Kelsey Osgood
Jul 10, 2017 · 8 min read

The Dated Rationalizations for To The Bone

Since Netflix released the trailer for To The Bone, a film by Buffy and UnREAL alum Marti Noxon based on her bout with anorexia as a young woman, a hot debate has erupted online. Some angry viewers took to Twitter to skewer it as just another film replete with thin-spiring images of a waifish actress (in this case, Lily Collins, who wrote about her own battle with anorexia in a recently released memoir). Others claimed the heroine’s trajectory — she appears, from the trailer, to get better as the film goes on — negates the harm done by the triggering content. Supporters say that because Noxon, Collins, and consulting advocacy group Project HEAL were involved, the portrayal will undoubtedly be authentic and sensitive, and that in the grand scheme, it’s so crucial for those with mental illness to be publicly represented, that a flawed representation is better than none at all. Noxon and Collins have individually given statements on the controversy, using words like “stigma” and “taboo,” and making promises about how the film will shed light on a “misunderstood” condition.

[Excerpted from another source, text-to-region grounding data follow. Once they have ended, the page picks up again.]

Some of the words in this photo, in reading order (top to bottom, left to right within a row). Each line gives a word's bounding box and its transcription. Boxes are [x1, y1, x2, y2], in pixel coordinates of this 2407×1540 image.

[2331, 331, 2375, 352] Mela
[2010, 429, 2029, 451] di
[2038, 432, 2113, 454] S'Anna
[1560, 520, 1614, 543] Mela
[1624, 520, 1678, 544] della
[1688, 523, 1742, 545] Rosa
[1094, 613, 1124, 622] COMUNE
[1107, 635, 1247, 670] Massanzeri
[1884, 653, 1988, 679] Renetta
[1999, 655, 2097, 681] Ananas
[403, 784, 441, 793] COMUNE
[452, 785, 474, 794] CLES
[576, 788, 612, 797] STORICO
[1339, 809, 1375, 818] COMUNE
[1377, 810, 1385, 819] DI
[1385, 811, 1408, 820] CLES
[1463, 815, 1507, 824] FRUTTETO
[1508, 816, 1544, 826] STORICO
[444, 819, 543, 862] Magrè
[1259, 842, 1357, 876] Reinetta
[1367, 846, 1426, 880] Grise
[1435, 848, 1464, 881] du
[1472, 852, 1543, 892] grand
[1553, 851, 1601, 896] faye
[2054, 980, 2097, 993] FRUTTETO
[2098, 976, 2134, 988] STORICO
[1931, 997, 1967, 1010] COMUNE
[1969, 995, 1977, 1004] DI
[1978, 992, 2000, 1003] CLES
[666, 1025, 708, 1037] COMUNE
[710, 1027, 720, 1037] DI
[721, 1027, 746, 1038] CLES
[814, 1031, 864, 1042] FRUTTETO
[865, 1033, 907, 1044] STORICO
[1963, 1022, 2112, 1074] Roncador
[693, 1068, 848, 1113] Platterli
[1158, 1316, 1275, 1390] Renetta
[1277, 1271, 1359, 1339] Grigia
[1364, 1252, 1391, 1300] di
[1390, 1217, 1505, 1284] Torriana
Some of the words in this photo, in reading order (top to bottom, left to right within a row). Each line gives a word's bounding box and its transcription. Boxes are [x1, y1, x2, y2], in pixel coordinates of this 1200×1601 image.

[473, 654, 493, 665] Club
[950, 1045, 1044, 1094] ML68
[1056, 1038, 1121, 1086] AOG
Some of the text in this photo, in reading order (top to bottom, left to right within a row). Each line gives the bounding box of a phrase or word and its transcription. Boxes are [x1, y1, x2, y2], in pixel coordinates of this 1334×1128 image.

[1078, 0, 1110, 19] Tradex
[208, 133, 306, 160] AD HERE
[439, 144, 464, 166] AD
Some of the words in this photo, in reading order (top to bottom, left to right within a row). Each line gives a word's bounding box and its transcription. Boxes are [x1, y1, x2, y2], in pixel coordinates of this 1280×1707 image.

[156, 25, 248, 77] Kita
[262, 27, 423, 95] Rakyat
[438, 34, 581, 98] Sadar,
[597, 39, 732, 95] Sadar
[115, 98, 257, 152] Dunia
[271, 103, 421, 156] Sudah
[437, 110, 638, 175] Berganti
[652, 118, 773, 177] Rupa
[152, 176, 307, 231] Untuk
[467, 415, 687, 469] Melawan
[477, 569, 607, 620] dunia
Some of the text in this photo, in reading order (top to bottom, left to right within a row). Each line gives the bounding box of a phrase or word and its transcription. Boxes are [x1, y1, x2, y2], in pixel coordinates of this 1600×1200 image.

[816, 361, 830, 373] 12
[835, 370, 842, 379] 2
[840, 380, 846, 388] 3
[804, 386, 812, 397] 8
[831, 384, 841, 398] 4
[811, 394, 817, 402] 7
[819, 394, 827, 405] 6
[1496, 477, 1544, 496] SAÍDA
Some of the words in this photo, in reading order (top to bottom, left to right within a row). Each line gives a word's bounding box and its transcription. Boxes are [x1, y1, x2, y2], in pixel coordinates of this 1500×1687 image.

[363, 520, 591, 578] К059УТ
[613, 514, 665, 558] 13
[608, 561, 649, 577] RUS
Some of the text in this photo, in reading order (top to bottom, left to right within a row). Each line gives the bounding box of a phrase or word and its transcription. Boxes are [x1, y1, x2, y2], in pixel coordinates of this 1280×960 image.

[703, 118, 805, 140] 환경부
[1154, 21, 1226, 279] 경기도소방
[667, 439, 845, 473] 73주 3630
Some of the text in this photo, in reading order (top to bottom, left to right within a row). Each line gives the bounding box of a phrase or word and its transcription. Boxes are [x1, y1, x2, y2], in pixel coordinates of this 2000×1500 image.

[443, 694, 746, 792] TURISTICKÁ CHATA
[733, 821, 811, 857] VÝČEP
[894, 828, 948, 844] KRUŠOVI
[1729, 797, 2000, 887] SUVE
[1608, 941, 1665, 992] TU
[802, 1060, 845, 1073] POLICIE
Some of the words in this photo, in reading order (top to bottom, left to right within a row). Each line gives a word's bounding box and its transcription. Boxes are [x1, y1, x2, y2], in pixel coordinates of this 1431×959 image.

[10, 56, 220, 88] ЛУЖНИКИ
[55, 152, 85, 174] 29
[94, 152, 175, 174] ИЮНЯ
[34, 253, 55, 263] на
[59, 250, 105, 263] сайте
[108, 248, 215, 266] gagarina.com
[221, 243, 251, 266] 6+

Ten years ago, when I was still actively struggling with anorexia, I would have thought making a film about the disorder was unconscionable; even four years ago, when my book on the “virality” of the disease was published, I would have called it a dicey move. Today, I can’t muster up a lot of anger toward its existence, though I’m positive it will, as detractors claim, be a font of “anorexia porn” for those who want it to be. I also don’t particularly care that the protagonist is female, Caucasian, and visibly underweight, although no doubt many will be offended that this reinforces stereotypes about eating disorders (in fact, the movie might be in the right here: anorexia does affect men and non-Caucasians, of course, but it is still the case that a majority of sufferers are young white women from financially solvent backgrounds.) Instead, what I object to is that those involved with the film insist on justifying their project using tired bromides about anorexia, namely, that it is a taboo subject and that, by producing To the Bone, they’re shedding light on a “mysterious condition.”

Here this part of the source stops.